**TASK**
Write the records out again, unchanged.

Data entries

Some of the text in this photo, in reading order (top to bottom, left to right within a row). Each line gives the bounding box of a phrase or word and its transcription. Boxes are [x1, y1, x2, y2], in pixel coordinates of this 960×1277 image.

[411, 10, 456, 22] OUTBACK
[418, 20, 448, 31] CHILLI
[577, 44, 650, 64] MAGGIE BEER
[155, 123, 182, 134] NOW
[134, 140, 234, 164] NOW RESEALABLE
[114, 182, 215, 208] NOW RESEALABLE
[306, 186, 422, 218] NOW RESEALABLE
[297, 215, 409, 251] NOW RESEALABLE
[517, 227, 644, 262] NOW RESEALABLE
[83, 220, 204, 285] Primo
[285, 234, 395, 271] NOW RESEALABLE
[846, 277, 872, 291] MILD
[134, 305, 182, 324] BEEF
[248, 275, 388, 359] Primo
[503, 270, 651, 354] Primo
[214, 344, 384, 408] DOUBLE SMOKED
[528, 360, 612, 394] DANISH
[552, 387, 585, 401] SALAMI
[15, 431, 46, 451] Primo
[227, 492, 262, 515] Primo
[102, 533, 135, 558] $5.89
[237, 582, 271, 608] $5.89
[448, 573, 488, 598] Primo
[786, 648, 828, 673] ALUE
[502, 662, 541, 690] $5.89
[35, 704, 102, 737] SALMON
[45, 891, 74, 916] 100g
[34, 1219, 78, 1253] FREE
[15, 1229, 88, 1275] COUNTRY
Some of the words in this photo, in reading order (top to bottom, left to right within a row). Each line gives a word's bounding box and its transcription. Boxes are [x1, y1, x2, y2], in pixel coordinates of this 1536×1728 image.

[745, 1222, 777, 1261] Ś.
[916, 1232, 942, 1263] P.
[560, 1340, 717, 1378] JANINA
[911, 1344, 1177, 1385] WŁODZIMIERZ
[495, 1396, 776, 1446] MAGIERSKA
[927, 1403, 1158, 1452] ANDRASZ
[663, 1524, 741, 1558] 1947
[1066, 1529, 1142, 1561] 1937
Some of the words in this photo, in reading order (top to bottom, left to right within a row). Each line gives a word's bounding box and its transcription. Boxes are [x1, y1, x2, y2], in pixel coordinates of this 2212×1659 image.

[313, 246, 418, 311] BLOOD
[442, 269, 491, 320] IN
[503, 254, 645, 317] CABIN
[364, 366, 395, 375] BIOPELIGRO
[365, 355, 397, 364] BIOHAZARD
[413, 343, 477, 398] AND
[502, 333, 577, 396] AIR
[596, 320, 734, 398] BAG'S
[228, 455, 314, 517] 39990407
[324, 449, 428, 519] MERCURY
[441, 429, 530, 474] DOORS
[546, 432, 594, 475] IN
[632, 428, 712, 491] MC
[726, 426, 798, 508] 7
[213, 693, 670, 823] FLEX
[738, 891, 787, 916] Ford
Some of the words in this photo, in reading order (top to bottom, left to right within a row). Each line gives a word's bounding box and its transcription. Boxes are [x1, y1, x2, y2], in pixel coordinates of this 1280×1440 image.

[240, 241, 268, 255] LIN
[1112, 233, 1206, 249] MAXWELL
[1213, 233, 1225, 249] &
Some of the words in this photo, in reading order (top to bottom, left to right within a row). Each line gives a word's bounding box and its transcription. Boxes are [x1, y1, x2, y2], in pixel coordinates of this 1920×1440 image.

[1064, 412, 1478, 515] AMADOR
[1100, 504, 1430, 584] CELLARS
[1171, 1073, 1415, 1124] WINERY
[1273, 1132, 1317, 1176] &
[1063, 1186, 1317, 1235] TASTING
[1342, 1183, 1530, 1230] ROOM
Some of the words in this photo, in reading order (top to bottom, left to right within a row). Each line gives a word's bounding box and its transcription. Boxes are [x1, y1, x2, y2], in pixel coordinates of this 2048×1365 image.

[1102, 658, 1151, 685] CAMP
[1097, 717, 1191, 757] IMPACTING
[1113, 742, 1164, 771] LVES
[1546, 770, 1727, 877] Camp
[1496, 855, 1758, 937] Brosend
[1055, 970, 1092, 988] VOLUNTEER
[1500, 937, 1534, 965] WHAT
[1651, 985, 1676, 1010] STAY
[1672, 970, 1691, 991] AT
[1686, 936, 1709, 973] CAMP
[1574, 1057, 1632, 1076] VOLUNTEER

**ANSWER TO THIS EXERCISE**
Some of the text in this photo, in reading order (top to bottom, left to right within a row). Each line gives the bounding box of a phrase or word and its transcription. Boxes are [x1, y1, x2, y2], in pixel coordinates of this 960×1277 image.

[411, 10, 456, 22] OUTBACK
[418, 20, 448, 31] CHILLI
[577, 44, 650, 64] MAGGIE BEER
[155, 123, 182, 134] NOW
[134, 140, 234, 164] NOW RESEALABLE
[114, 182, 215, 208] NOW RESEALABLE
[306, 186, 422, 218] NOW RESEALABLE
[297, 215, 409, 251] NOW RESEALABLE
[517, 227, 644, 262] NOW RESEALABLE
[83, 220, 204, 285] Primo
[285, 234, 395, 271] NOW RESEALABLE
[846, 277, 872, 291] MILD
[134, 305, 182, 324] BEEF
[248, 275, 388, 359] Primo
[503, 270, 651, 354] Primo
[214, 344, 384, 408] DOUBLE SMOKED
[528, 360, 612, 394] DANISH
[552, 387, 585, 401] SALAMI
[15, 431, 46, 451] Primo
[227, 492, 262, 515] Primo
[102, 533, 135, 558] $5.89
[237, 582, 271, 608] $5.89
[448, 573, 488, 598] Primo
[786, 648, 828, 673] ALUE
[502, 662, 541, 690] $5.89
[35, 704, 102, 737] SALMON
[45, 891, 74, 916] 100g
[34, 1219, 78, 1253] FREE
[15, 1229, 88, 1275] COUNTRY
Some of the words in this photo, in reading order (top to bottom, left to right within a row). Each line gives a word's bounding box and its transcription. Boxes are [x1, y1, x2, y2], in pixel coordinates of this 1536×1728 image.

[745, 1222, 777, 1261] Ś.
[916, 1232, 942, 1263] P.
[560, 1340, 717, 1378] JANINA
[911, 1344, 1177, 1385] WŁODZIMIERZ
[495, 1396, 776, 1446] MAGIERSKA
[927, 1403, 1158, 1452] ANDRASZ
[663, 1524, 741, 1558] 1947
[1066, 1529, 1142, 1561] 1937
Some of the words in this photo, in reading order (top to bottom, left to right within a row). Each line gives a word's bounding box and its transcription. Boxes are [x1, y1, x2, y2], in pixel coordinates of this 2212×1659 image.

[313, 246, 418, 311] BLOOD
[442, 269, 491, 320] IN
[503, 254, 645, 317] CABIN
[364, 366, 395, 375] BIOPELIGRO
[365, 355, 397, 364] BIOHAZARD
[413, 343, 477, 398] AND
[502, 333, 577, 396] AIR
[596, 320, 734, 398] BAG'S
[228, 455, 314, 517] 39990407
[324, 449, 428, 519] MERCURY
[441, 429, 530, 474] DOORS
[546, 432, 594, 475] IN
[632, 428, 712, 491] MC
[726, 426, 798, 508] 7
[213, 693, 670, 823] FLEX
[738, 891, 787, 916] Ford
Some of the words in this photo, in reading order (top to bottom, left to right within a row). Each line gives a word's bounding box and its transcription. Boxes are [x1, y1, x2, y2], in pixel coordinates of this 1280×1440 image.

[240, 241, 268, 255] LIN
[1112, 233, 1206, 249] MAXWELL
[1213, 233, 1225, 249] &
Some of the words in this photo, in reading order (top to bottom, left to right within a row). Each line gives a word's bounding box and its transcription. Boxes are [x1, y1, x2, y2], in pixel coordinates of this 1920×1440 image.

[1064, 412, 1478, 515] AMADOR
[1100, 504, 1430, 584] CELLARS
[1171, 1073, 1415, 1124] WINERY
[1273, 1132, 1317, 1176] &
[1063, 1186, 1317, 1235] TASTING
[1342, 1183, 1530, 1230] ROOM
Some of the words in this photo, in reading order (top to bottom, left to right within a row). Each line gives a word's bounding box and its transcription. Boxes are [x1, y1, x2, y2], in pixel coordinates of this 2048×1365 image.

[1102, 658, 1151, 685] CAMP
[1097, 717, 1191, 757] IMPACTING
[1113, 742, 1164, 771] LVES
[1546, 770, 1727, 877] Camp
[1496, 855, 1758, 937] Brosend
[1055, 970, 1092, 988] VOLUNTEER
[1500, 937, 1534, 965] WHAT
[1651, 985, 1676, 1010] STAY
[1672, 970, 1691, 991] AT
[1686, 936, 1709, 973] CAMP
[1574, 1057, 1632, 1076] VOLUNTEER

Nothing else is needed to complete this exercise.